Testimonial: I have recovered from endometriosis

Since my first period at 10 and a half, I have had significant pain. My mother and my friends or my gynecologist told me that it was normal. Today I want to shout on the roofs that no, it's not normal, the proof for more than four years I have no pain, soft rules, regular cycles, I have no more need to take medicine.

If there is an important message that I want to convey this is this: no it is not normal to have pain when you have your period and no it is not normal to prescribe the pill a young girl because she pains and pimples without further explanation or support. The pimples remained, the pains too.

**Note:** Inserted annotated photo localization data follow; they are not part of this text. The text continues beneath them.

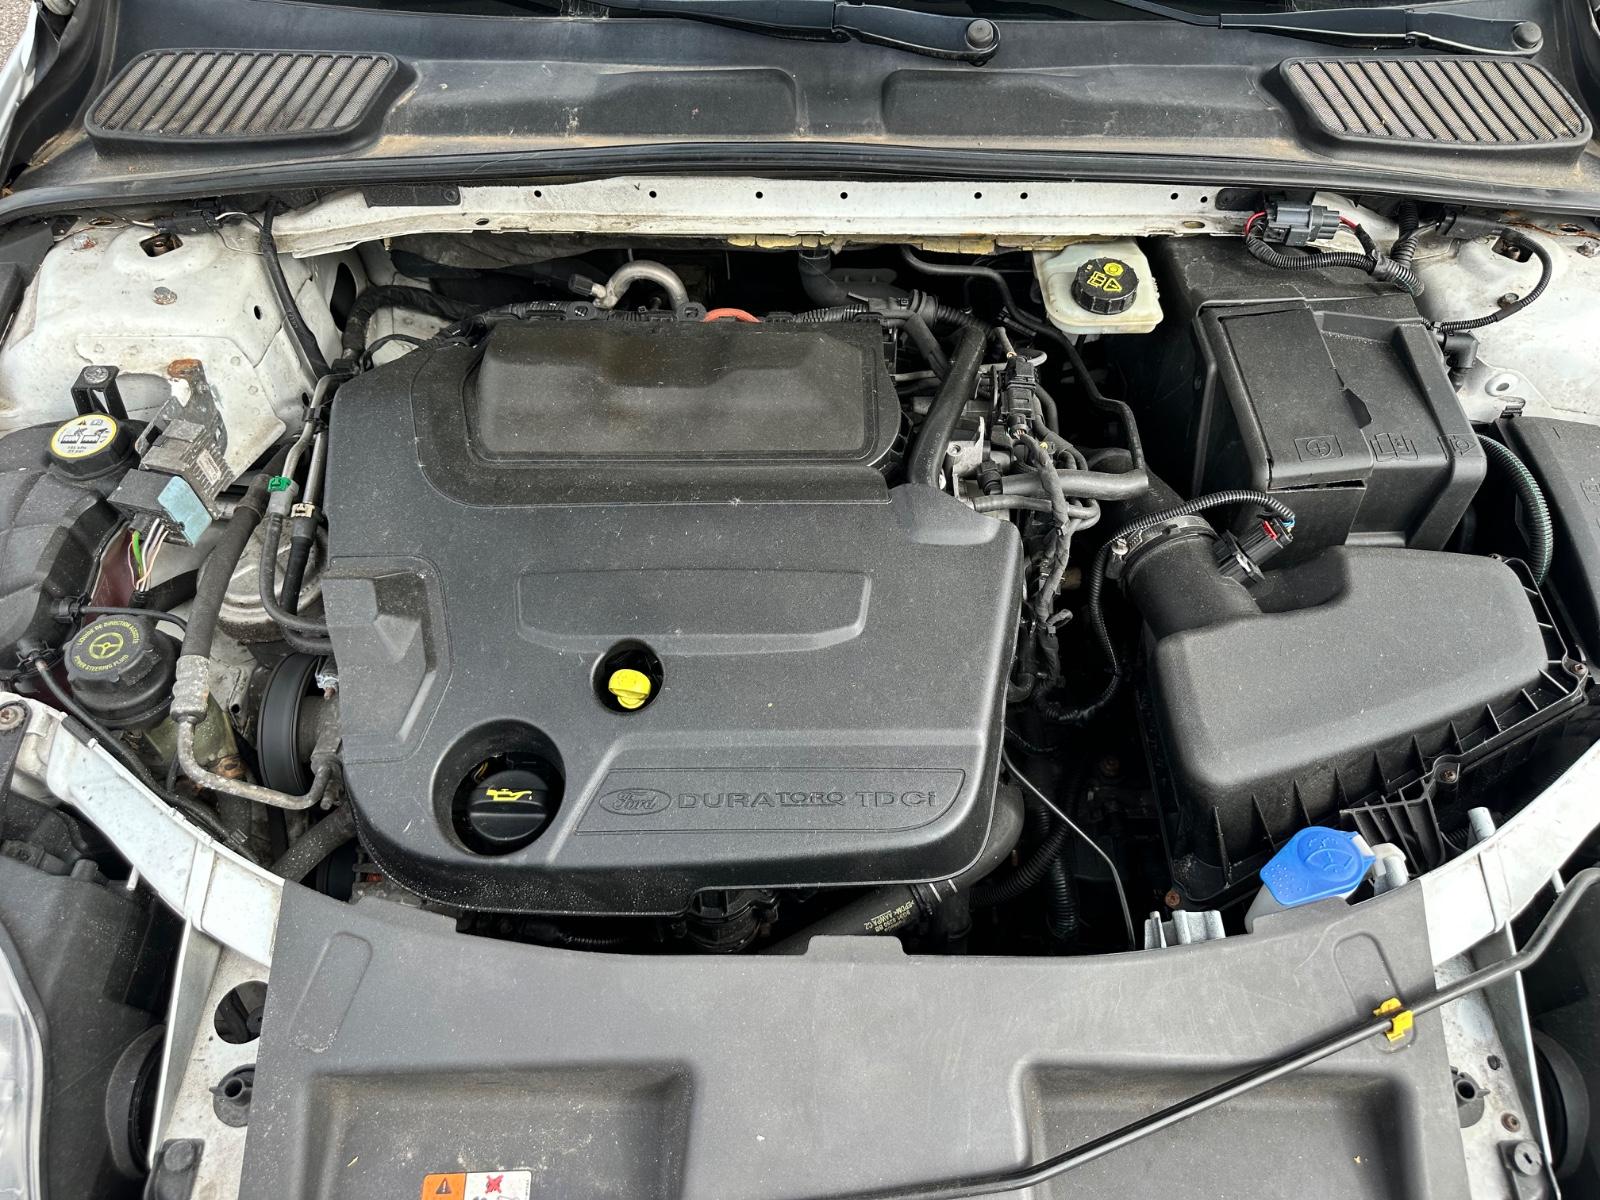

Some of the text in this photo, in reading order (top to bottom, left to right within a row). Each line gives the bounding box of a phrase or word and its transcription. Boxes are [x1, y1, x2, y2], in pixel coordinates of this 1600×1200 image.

[86, 663, 113, 672] STEERING
[113, 654, 129, 666] FLUID
[678, 790, 938, 809] DURATORQ TDCi
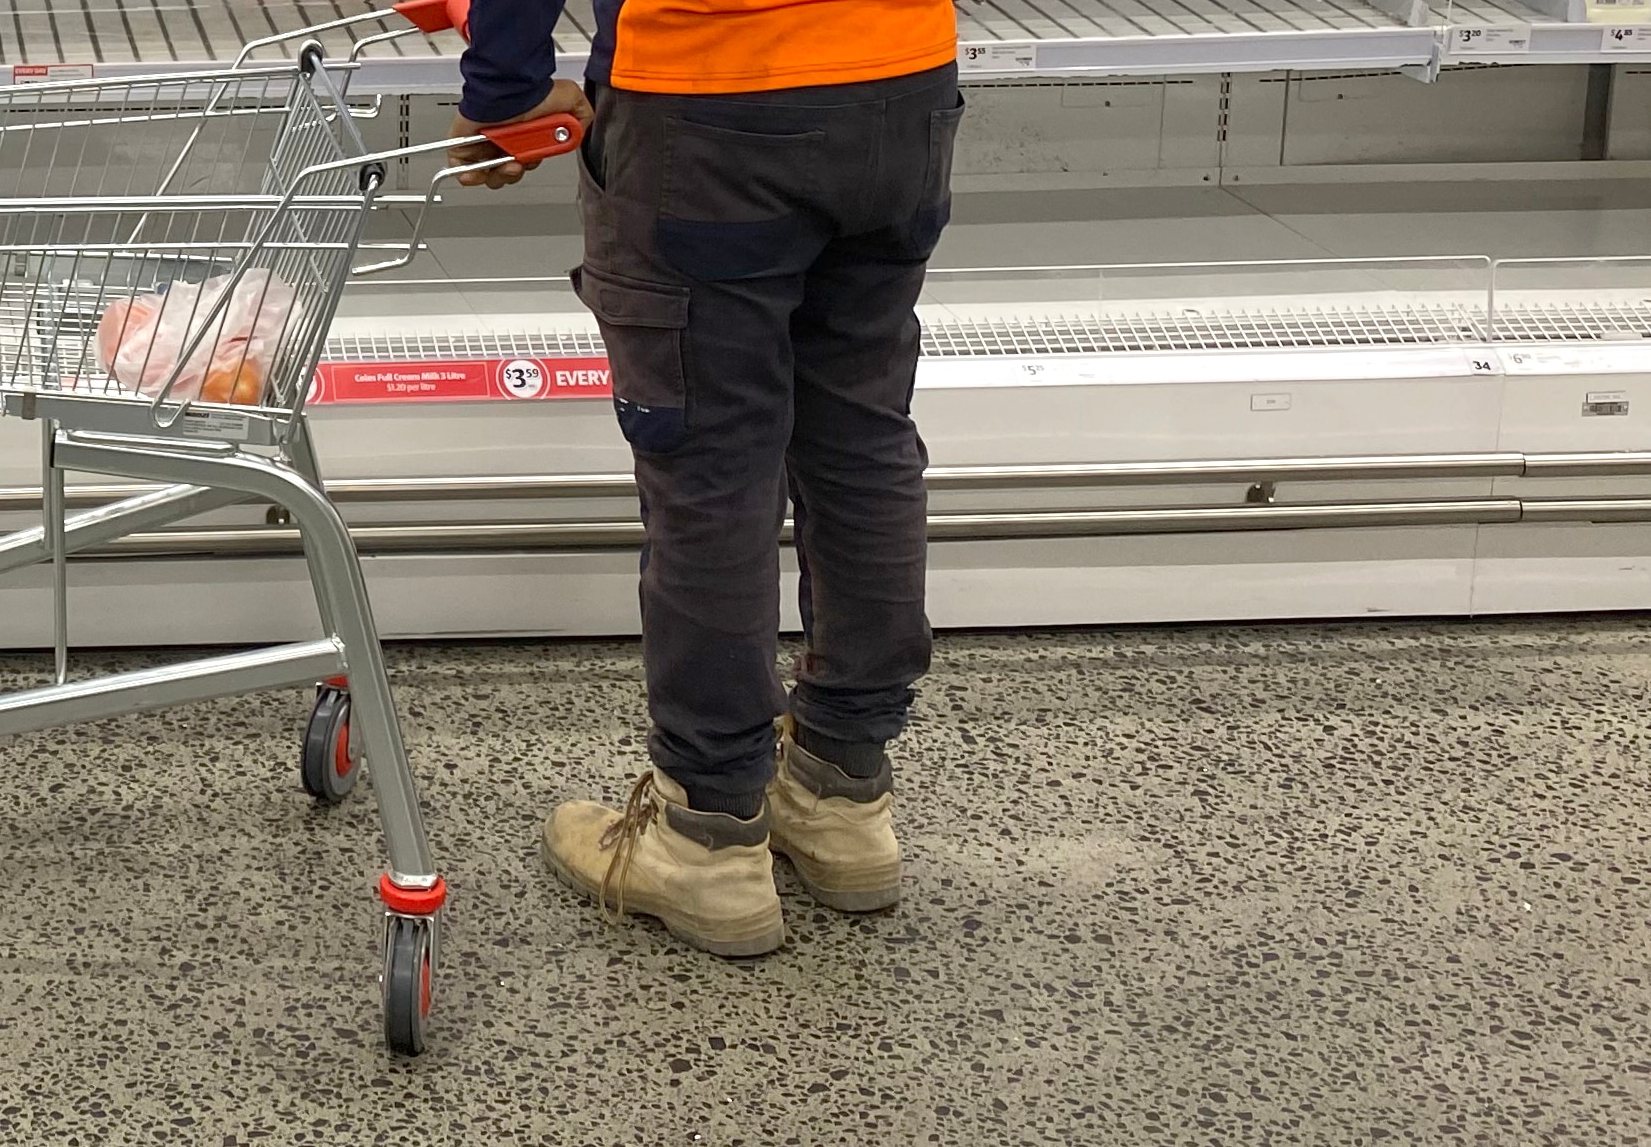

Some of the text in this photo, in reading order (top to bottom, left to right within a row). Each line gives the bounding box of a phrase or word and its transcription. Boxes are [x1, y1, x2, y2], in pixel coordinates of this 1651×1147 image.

[1472, 360, 1491, 371] 34
[354, 371, 466, 383] Coles Full Cream Milk 3 Litre
[555, 369, 610, 386] EVERY
[386, 382, 436, 394] $1.20 per litre

So I continued to live like this for years, taking on myself, swallowing painkillers and anti-inflammatories like candy because it seems that it was normal! Normal like: falling into apples, writhing in pain, not being able to bear being touched, vomiting, having diarrhea or being constipated, taking painkillers and anti-inflammatory drugs in high doses, having pain in certain positions during sexual intercourse . But it seems that this is normal.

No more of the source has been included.